▶ _WORK TO COMPLETE_
Without the images, print all the entries below exactly as given.

▶ _EXERCISE MATERIALS_
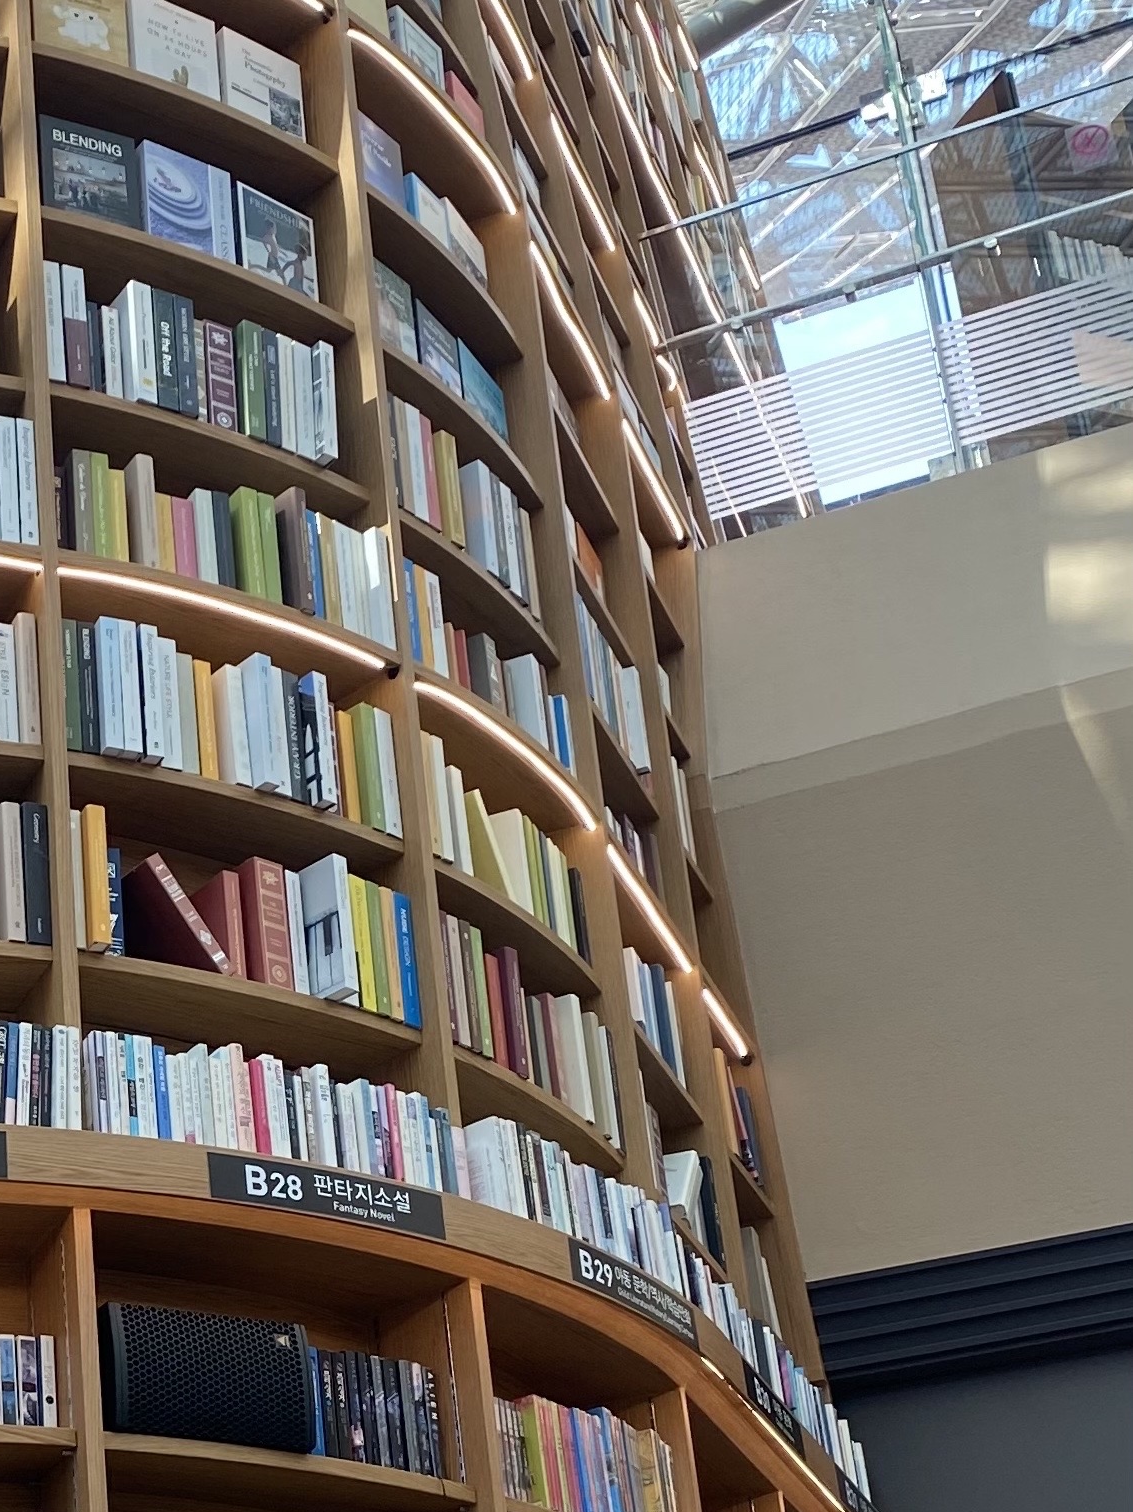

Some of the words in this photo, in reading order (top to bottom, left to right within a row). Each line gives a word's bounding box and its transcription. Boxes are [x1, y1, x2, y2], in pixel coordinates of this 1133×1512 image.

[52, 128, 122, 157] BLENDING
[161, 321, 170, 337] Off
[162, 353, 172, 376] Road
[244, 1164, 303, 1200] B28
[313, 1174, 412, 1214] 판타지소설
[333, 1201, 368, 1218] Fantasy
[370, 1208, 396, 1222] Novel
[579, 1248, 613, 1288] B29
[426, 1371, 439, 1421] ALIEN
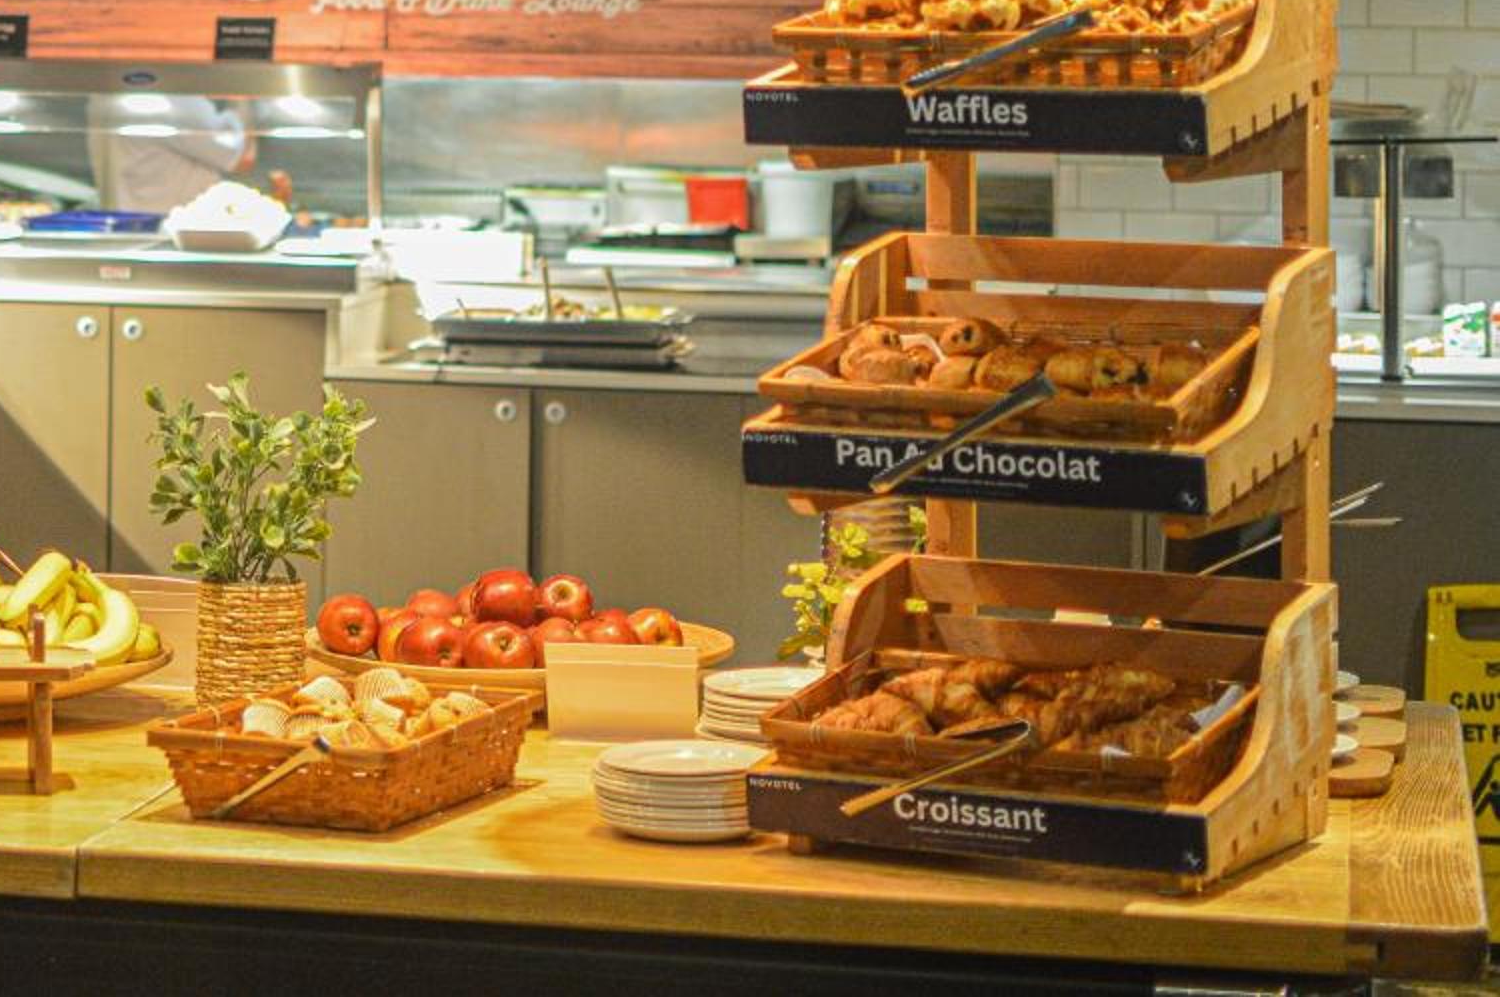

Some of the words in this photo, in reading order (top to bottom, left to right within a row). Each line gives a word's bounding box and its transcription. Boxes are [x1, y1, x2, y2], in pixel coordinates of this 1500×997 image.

▶ _RESULT BELOW_
Some of the words in this photo, in reading order (top to bottom, left to right within a row). Each line gives a word's bounding box and its transcription. Boxes are [x1, y1, x2, y2], in pixel coordinates of this 1133×1512 image.

[52, 128, 122, 157] BLENDING
[161, 321, 170, 337] Off
[162, 353, 172, 376] Road
[244, 1164, 303, 1200] B28
[313, 1174, 412, 1214] 판타지소설
[333, 1201, 368, 1218] Fantasy
[370, 1208, 396, 1222] Novel
[579, 1248, 613, 1288] B29
[426, 1371, 439, 1421] ALIEN

Some of the words in this photo, in reading order (top to bottom, left to right within a row). Each line gives a word's bounding box and its transcription. Boxes are [x1, y1, x2, y2], in pixel coordinates of this 1500×997 image.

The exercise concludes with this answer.